Restate the data below word for word, keeping each line intact.

[Items listed in a dataset]
__________________________________________________

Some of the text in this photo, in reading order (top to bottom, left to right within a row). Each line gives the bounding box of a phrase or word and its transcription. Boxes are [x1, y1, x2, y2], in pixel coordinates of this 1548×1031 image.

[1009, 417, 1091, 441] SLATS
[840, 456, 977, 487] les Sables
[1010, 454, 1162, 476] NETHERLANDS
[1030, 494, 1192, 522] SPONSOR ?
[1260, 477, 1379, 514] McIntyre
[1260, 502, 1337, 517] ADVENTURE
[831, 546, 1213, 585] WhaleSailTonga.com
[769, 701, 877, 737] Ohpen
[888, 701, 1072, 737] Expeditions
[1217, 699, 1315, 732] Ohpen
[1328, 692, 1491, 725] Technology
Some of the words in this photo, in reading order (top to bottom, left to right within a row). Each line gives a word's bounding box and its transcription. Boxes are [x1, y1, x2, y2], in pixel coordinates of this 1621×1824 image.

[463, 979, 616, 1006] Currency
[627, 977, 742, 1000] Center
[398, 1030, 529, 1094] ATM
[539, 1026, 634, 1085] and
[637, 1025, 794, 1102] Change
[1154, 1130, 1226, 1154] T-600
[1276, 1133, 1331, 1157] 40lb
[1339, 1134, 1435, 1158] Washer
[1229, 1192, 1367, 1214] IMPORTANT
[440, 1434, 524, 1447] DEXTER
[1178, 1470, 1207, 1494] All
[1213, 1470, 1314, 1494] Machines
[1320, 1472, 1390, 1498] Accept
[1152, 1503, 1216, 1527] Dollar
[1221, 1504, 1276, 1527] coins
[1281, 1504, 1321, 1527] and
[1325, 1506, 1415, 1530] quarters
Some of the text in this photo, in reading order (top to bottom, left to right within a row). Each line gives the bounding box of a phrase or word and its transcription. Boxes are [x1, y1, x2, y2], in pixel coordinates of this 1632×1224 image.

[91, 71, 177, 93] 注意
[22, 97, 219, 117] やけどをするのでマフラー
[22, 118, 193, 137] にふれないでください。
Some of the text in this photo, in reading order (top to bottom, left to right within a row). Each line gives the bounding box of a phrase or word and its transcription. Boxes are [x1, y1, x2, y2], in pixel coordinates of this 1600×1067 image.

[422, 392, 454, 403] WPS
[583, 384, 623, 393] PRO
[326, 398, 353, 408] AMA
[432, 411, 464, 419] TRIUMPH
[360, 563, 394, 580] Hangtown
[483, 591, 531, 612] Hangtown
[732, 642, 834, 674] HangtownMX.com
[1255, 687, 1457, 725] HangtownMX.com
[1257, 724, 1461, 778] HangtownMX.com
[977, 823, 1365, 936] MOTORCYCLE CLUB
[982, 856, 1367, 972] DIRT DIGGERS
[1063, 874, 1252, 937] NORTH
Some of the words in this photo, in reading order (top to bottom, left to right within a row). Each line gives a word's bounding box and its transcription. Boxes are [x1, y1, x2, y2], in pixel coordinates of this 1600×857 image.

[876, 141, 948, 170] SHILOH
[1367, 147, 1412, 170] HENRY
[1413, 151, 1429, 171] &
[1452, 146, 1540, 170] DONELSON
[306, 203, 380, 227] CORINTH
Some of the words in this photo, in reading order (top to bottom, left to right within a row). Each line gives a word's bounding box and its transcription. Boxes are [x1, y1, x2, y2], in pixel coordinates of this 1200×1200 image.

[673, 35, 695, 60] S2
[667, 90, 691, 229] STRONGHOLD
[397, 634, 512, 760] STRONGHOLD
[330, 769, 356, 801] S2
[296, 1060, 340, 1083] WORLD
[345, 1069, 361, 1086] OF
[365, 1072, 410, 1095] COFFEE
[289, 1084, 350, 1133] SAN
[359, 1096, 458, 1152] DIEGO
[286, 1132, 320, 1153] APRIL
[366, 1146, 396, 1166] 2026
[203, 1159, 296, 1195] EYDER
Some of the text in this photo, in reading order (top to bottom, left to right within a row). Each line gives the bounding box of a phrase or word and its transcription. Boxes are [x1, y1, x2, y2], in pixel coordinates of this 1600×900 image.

__________________________________________________

# [EXPECTED OUTPUT]
Some of the text in this photo, in reading order (top to bottom, left to right within a row). Each line gives the bounding box of a phrase or word and its transcription. Boxes are [x1, y1, x2, y2], in pixel coordinates of this 1548×1031 image.

[1009, 417, 1091, 441] SLATS
[840, 456, 977, 487] les Sables
[1010, 454, 1162, 476] NETHERLANDS
[1030, 494, 1192, 522] SPONSOR ?
[1260, 477, 1379, 514] McIntyre
[1260, 502, 1337, 517] ADVENTURE
[831, 546, 1213, 585] WhaleSailTonga.com
[769, 701, 877, 737] Ohpen
[888, 701, 1072, 737] Expeditions
[1217, 699, 1315, 732] Ohpen
[1328, 692, 1491, 725] Technology
Some of the words in this photo, in reading order (top to bottom, left to right within a row). Each line gives a word's bounding box and its transcription. Boxes are [x1, y1, x2, y2], in pixel coordinates of this 1621×1824 image.

[463, 979, 616, 1006] Currency
[627, 977, 742, 1000] Center
[398, 1030, 529, 1094] ATM
[539, 1026, 634, 1085] and
[637, 1025, 794, 1102] Change
[1154, 1130, 1226, 1154] T-600
[1276, 1133, 1331, 1157] 40lb
[1339, 1134, 1435, 1158] Washer
[1229, 1192, 1367, 1214] IMPORTANT
[440, 1434, 524, 1447] DEXTER
[1178, 1470, 1207, 1494] All
[1213, 1470, 1314, 1494] Machines
[1320, 1472, 1390, 1498] Accept
[1152, 1503, 1216, 1527] Dollar
[1221, 1504, 1276, 1527] coins
[1281, 1504, 1321, 1527] and
[1325, 1506, 1415, 1530] quarters
Some of the text in this photo, in reading order (top to bottom, left to right within a row). Each line gives the bounding box of a phrase or word and its transcription. Boxes are [x1, y1, x2, y2], in pixel coordinates of this 1632×1224 image.

[91, 71, 177, 93] 注意
[22, 97, 219, 117] やけどをするのでマフラー
[22, 118, 193, 137] にふれないでください。
Some of the text in this photo, in reading order (top to bottom, left to right within a row). Each line gives the bounding box of a phrase or word and its transcription. Boxes are [x1, y1, x2, y2], in pixel coordinates of this 1600×1067 image.

[422, 392, 454, 403] WPS
[583, 384, 623, 393] PRO
[326, 398, 353, 408] AMA
[432, 411, 464, 419] TRIUMPH
[360, 563, 394, 580] Hangtown
[483, 591, 531, 612] Hangtown
[732, 642, 834, 674] HangtownMX.com
[1255, 687, 1457, 725] HangtownMX.com
[1257, 724, 1461, 778] HangtownMX.com
[977, 823, 1365, 936] MOTORCYCLE CLUB
[982, 856, 1367, 972] DIRT DIGGERS
[1063, 874, 1252, 937] NORTH
Some of the words in this photo, in reading order (top to bottom, left to right within a row). Each line gives a word's bounding box and its transcription. Boxes are [x1, y1, x2, y2], in pixel coordinates of this 1600×857 image.

[876, 141, 948, 170] SHILOH
[1367, 147, 1412, 170] HENRY
[1413, 151, 1429, 171] &
[1452, 146, 1540, 170] DONELSON
[306, 203, 380, 227] CORINTH
Some of the words in this photo, in reading order (top to bottom, left to right within a row). Each line gives a word's bounding box and its transcription. Boxes are [x1, y1, x2, y2], in pixel coordinates of this 1200×1200 image.

[673, 35, 695, 60] S2
[667, 90, 691, 229] STRONGHOLD
[397, 634, 512, 760] STRONGHOLD
[330, 769, 356, 801] S2
[296, 1060, 340, 1083] WORLD
[345, 1069, 361, 1086] OF
[365, 1072, 410, 1095] COFFEE
[289, 1084, 350, 1133] SAN
[359, 1096, 458, 1152] DIEGO
[286, 1132, 320, 1153] APRIL
[366, 1146, 396, 1166] 2026
[203, 1159, 296, 1195] EYDER
Some of the text in this photo, in reading order (top to bottom, left to right within a row). Each line gives the bounding box of a phrase or word and its transcription. Boxes are [x1, y1, x2, y2], in pixel coordinates of this 1600×900 image.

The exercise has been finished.